The summer program is open to all majors and is especially useful for students whose major coursework is very structured, not allowing for the BFP courses to be taken during long semesters.  Students must have a 3.0 to apply.  The program will be accepting 150 students this summer and Financial Aid can be used toward the tuition cost.

9:00   Vice President for Student Affairs

MAI 121

Dr. Gage Paine, the new Vice President for Student Affairs, is on a self-styled “Learning Tour” of UT.  She hopes to connect with as many student and staff entities as she can to learn about the mood and culture of UT and what concerns and issues people have.  She answered questions from the membership about:

  • her use of Twitter and Facebook as a way to engage with students and new professionals
  • the use of technology in sharing confidential information
  • the changes she has noticed since she was last employed at UT
  • what she sees as the future of universities and student life with the shift to online learning
  • and her progress toward her quest to meet all students on campus

9:20 Office of Undergraduate Research

FAC 22


Rebecca Wilcox stated the Office of Undergraduate Research is always interested in ideas for how they can support students, so please contact them if you have thoughts or suggestions.  The goal of Undergraduate Research is to connect undergraduates with research all across campus, encouraging they to engage with the process of inquiry in their discipline.

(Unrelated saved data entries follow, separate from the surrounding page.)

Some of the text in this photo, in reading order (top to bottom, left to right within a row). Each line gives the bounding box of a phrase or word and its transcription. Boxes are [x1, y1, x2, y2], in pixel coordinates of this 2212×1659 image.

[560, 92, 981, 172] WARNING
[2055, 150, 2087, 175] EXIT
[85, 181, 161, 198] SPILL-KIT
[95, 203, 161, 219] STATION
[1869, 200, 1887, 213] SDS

The office presents Information Sessions about what research is and what students should expect and also offers individual advising to address individual concerns, identify interests, brainstorm topics and other assistance.  Undergraduate Research also sponsors Research Week (this year, April 15-19) for students to present posters and talk about the work they have been doing.

If a student needs to earn class credit for research, UGS310 and UGS320 courses can be utilized.  The Office of Undergraduate Research’s website has a lot of useful information, both for students and for faculty and staff.

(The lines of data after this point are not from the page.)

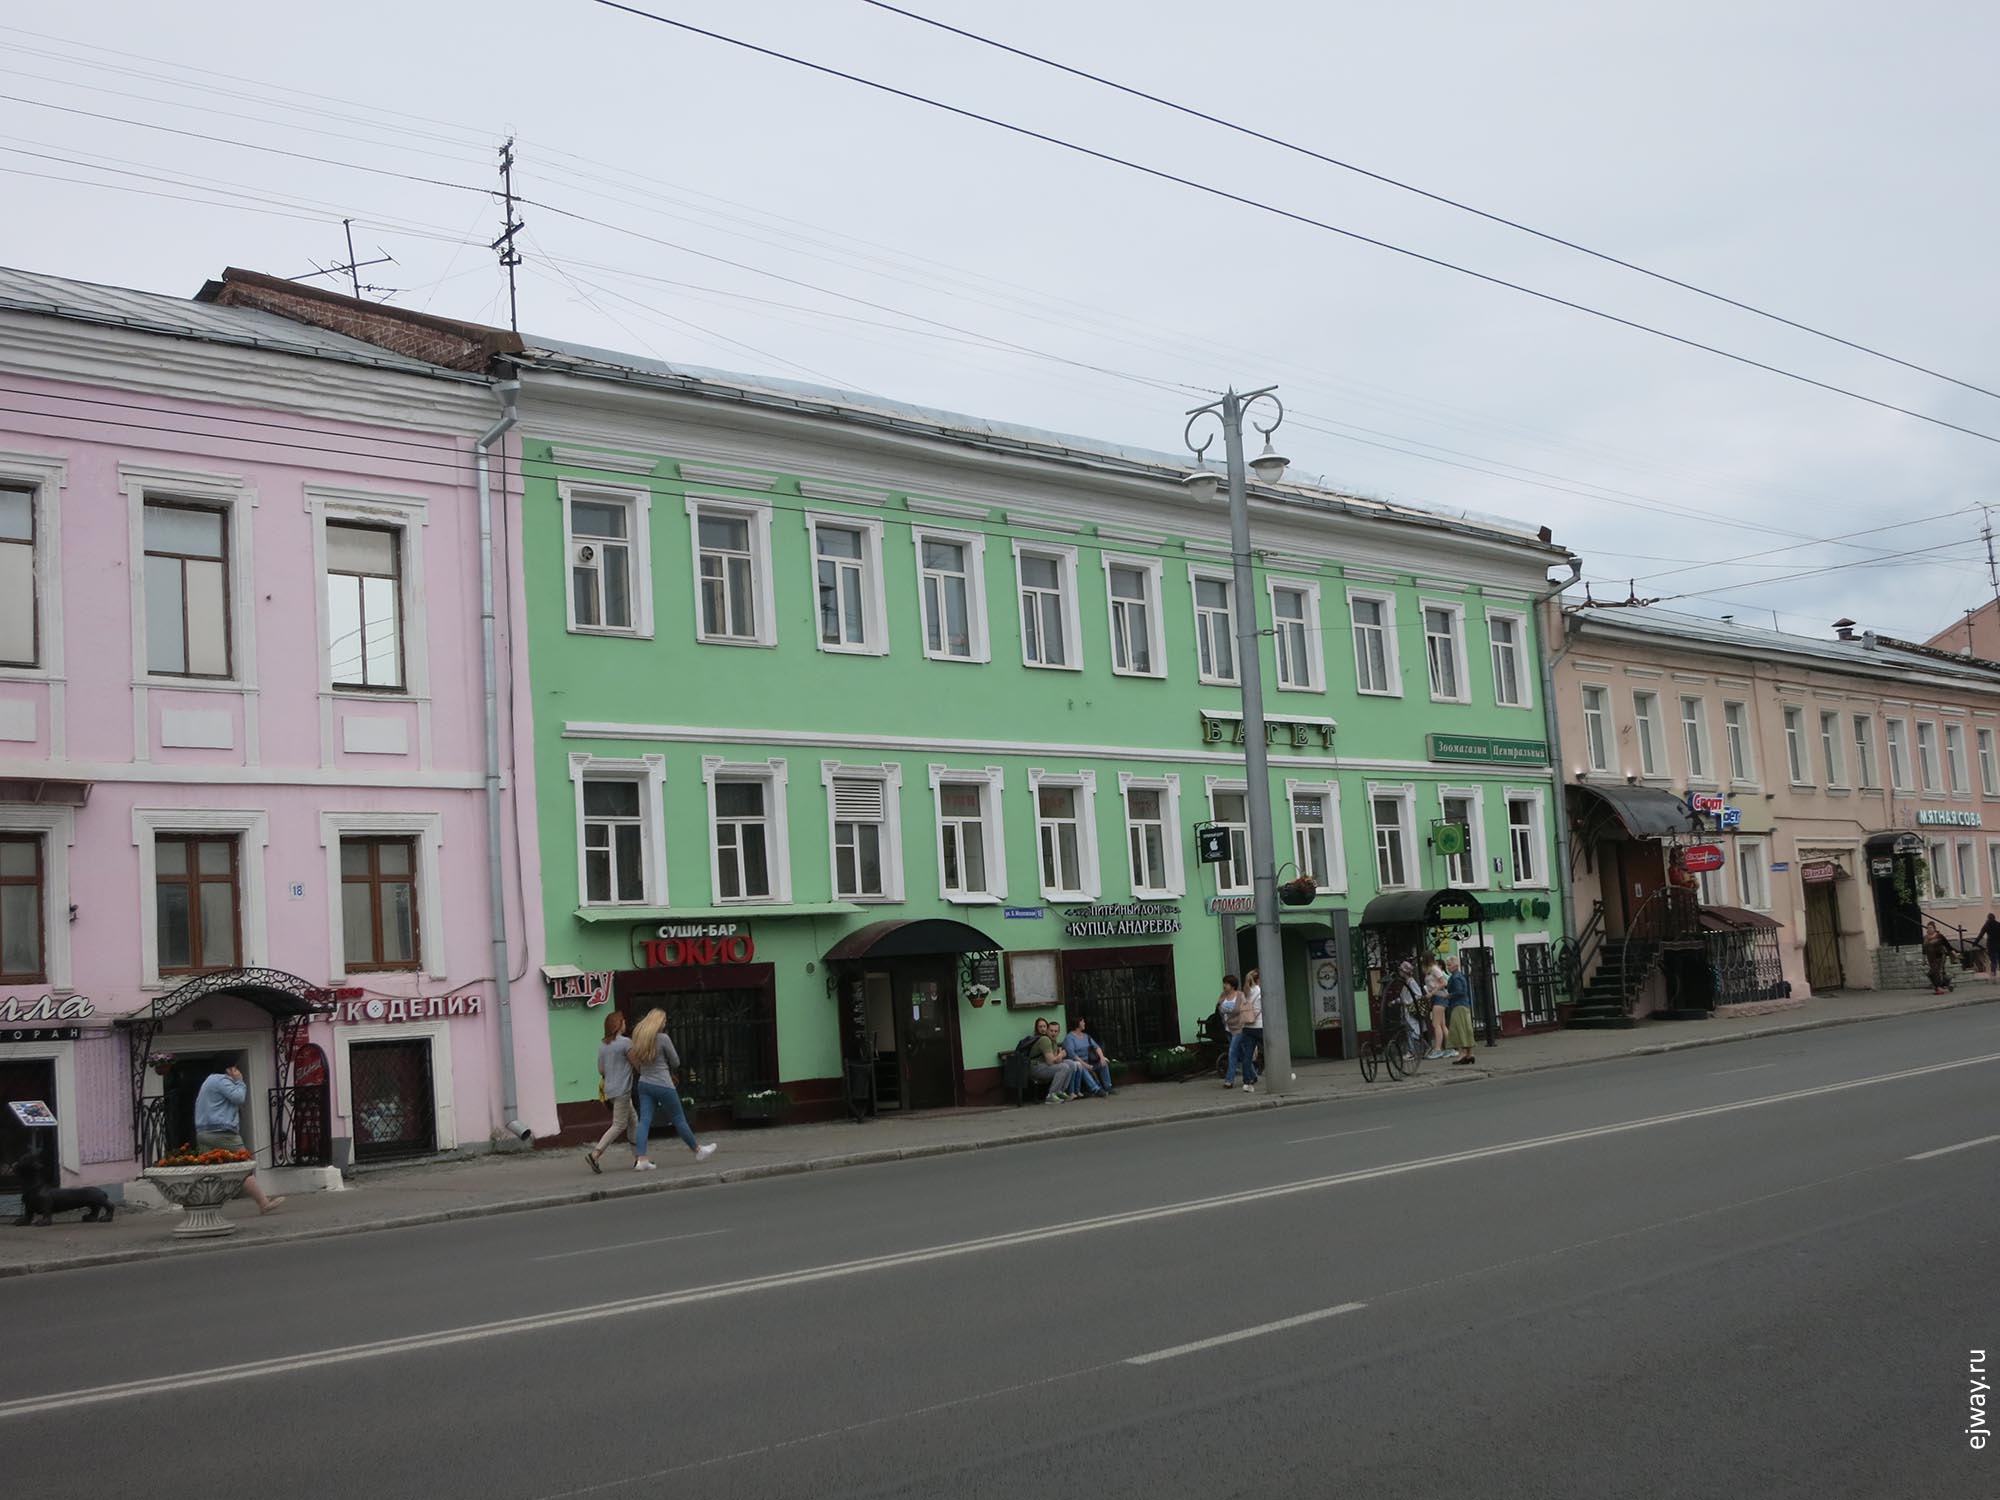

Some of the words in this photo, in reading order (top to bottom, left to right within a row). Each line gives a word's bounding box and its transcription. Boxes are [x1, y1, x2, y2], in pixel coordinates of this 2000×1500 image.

[1438, 740, 1487, 754] Зоомагазин
[1493, 744, 1545, 759] Центральный
[1919, 809, 1958, 825] МЯТНАЯ
[1958, 811, 1982, 826] СОВА
[293, 885, 303, 896] 18
[1091, 903, 1140, 916] ПИТЕЙНЫЙ
[1140, 904, 1160, 914] ДОМ
[658, 923, 737, 938] СУШИ-БАР
[639, 935, 755, 969] ТОКИО
[0, 1028, 78, 1040] ОРАН

9:30 Office of the Registrar



Shelby Stanfield and Brenda Schumann explained the proposed changes to the Zap Process and then took questions from the membership.

Brenda noted that, in theory, the zap is designed to clear out spots in classes for other students however research has shown that most zapped students end up in the same courses they were zapped from and only 2.6% of all opened seats are in “key courses” (as identified by the deans’ offices from each college or school).

Further information on the changes to the Zap Process was sent to the membership via email.


January 2013

Meeting Date: 

January 31, 2013

ACA Monthly Meeting

Thursday, January 31, 2013


SAC Ballroom


8:15   Breakfast and Social Time

Sponsored by the Office of the Executive Vice President and Provost

8:30   Appreciating Campus Administrators:  Dr. David Laude, Senior Vice Provost for Enrollment and Graduation Management

8:40   Words from Senior Vice Provost for Enrollment and Graduation Management

Dr. Laude spoke about his role on campus and his plans for achieving the 70% 4-year Graduation Rate he has been tasked with meeting.

He began with a synopsis of how he began advising as a professor and how lucky he feels to have been able to teach, research, publish and advise students.  Dr. Laude is a past winner of the James W. Vick Award for Academic Advising (1997) and noted how much influence an advisor can have on a student.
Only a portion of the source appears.